Exercise – Give the data back exactly. Leave out any images.

The records –
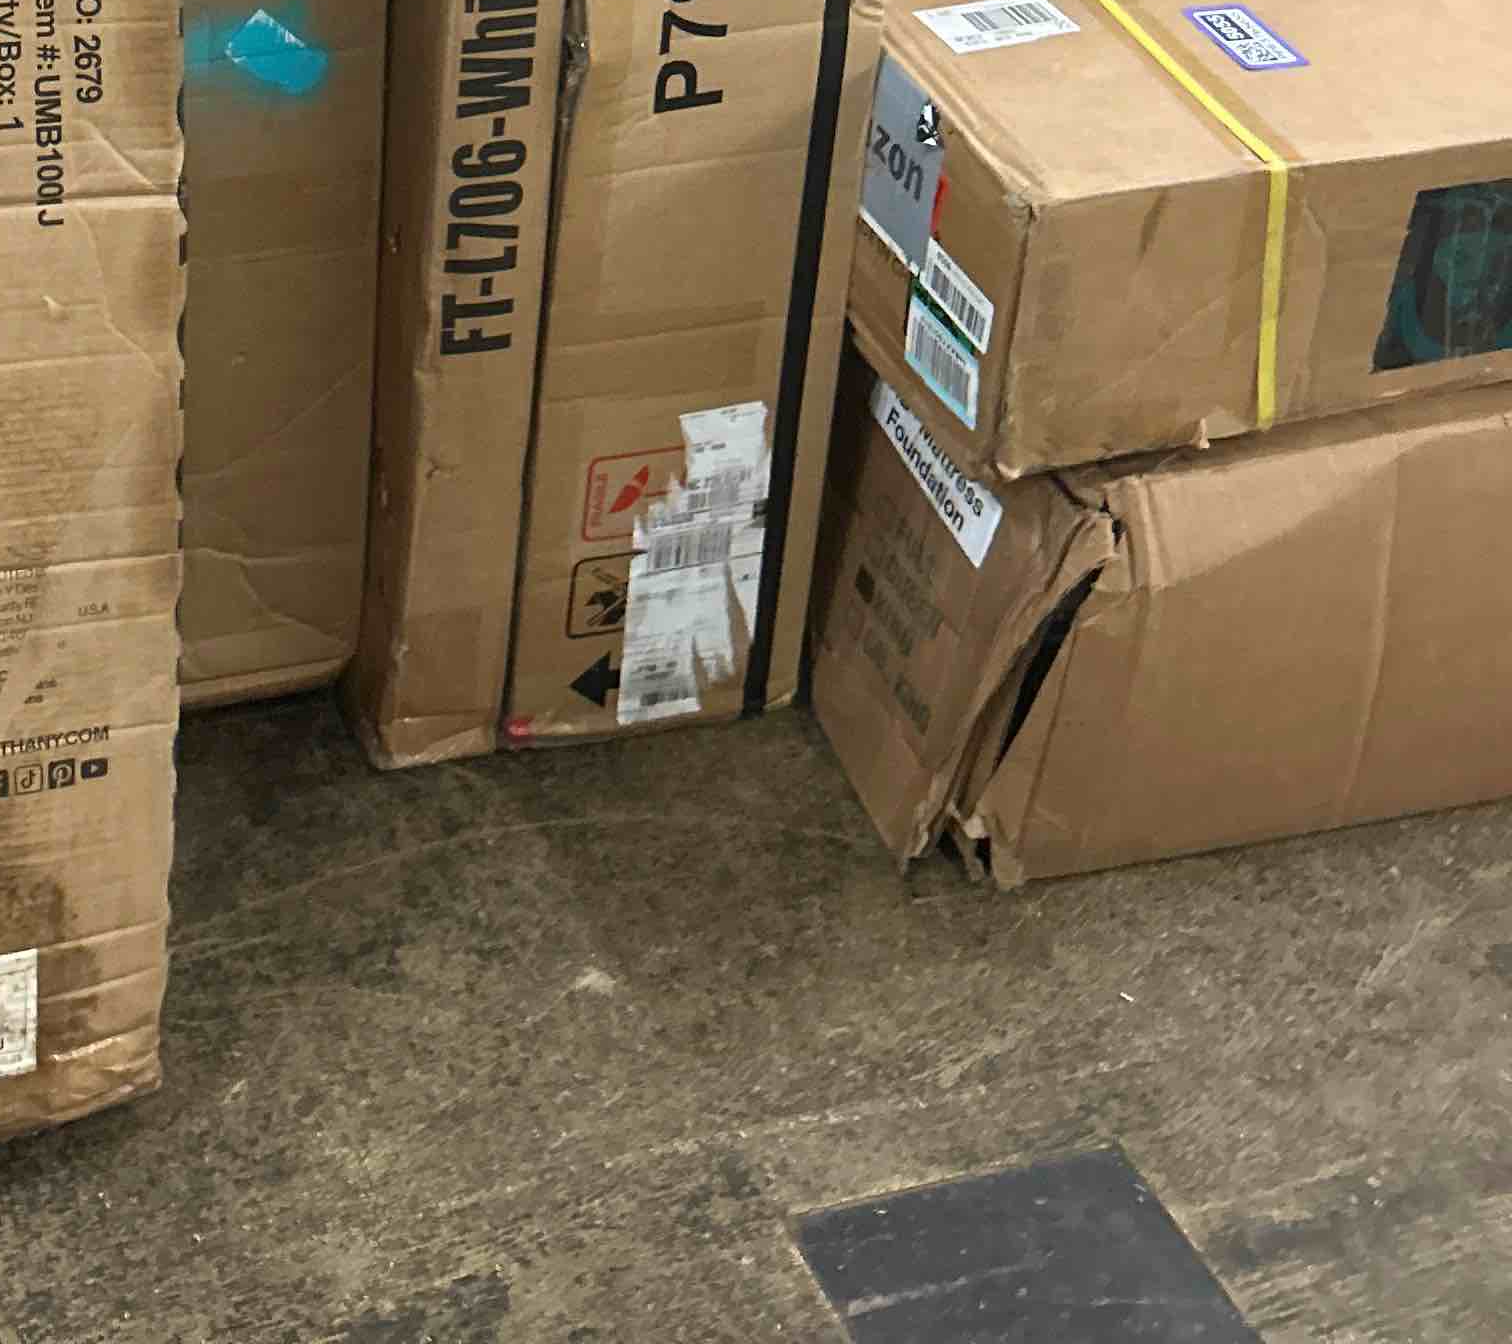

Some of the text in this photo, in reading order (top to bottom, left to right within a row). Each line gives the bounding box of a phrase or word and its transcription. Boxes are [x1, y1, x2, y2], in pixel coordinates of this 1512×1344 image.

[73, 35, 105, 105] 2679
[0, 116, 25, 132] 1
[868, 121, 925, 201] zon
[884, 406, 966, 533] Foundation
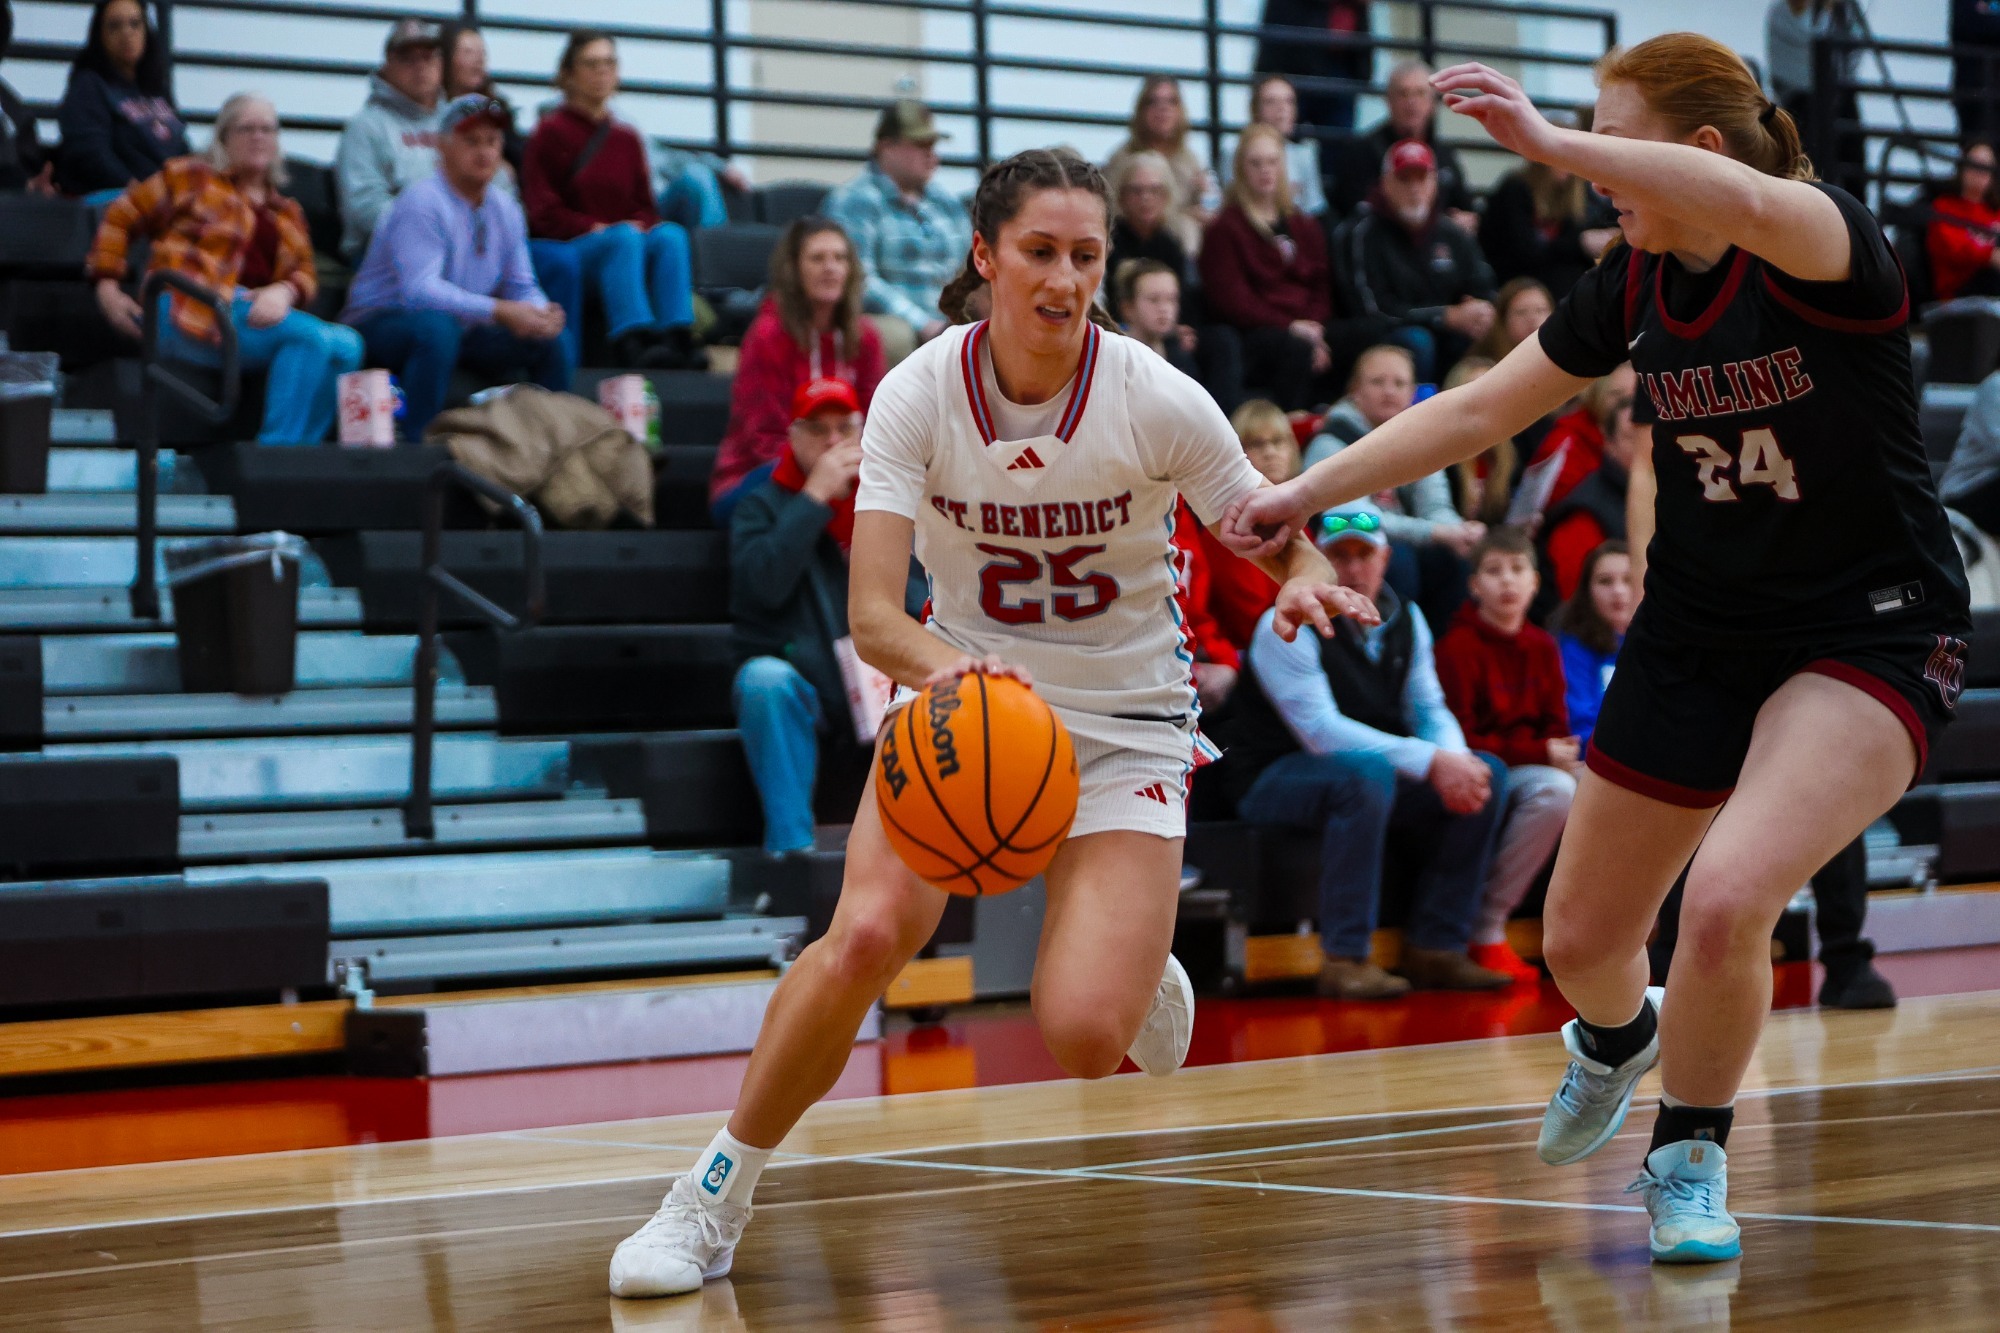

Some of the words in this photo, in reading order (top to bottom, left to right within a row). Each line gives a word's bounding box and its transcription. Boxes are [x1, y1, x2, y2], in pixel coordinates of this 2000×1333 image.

Problem solution –
Some of the text in this photo, in reading order (top to bottom, left to right within a row). Each line gives the bounding box of a phrase or word and its transcription. Boxes are [x1, y1, x2, y2], in pixel coordinates of this 1512×1344 image.

[73, 35, 105, 105] 2679
[0, 116, 25, 132] 1
[868, 121, 925, 201] zon
[884, 406, 966, 533] Foundation

Some of the words in this photo, in reading order (top to bottom, left to right within a row). Each line gives a word's bounding box and its transcription. Boxes are [x1, y1, x2, y2], in pixel coordinates of this 2000×1333 image.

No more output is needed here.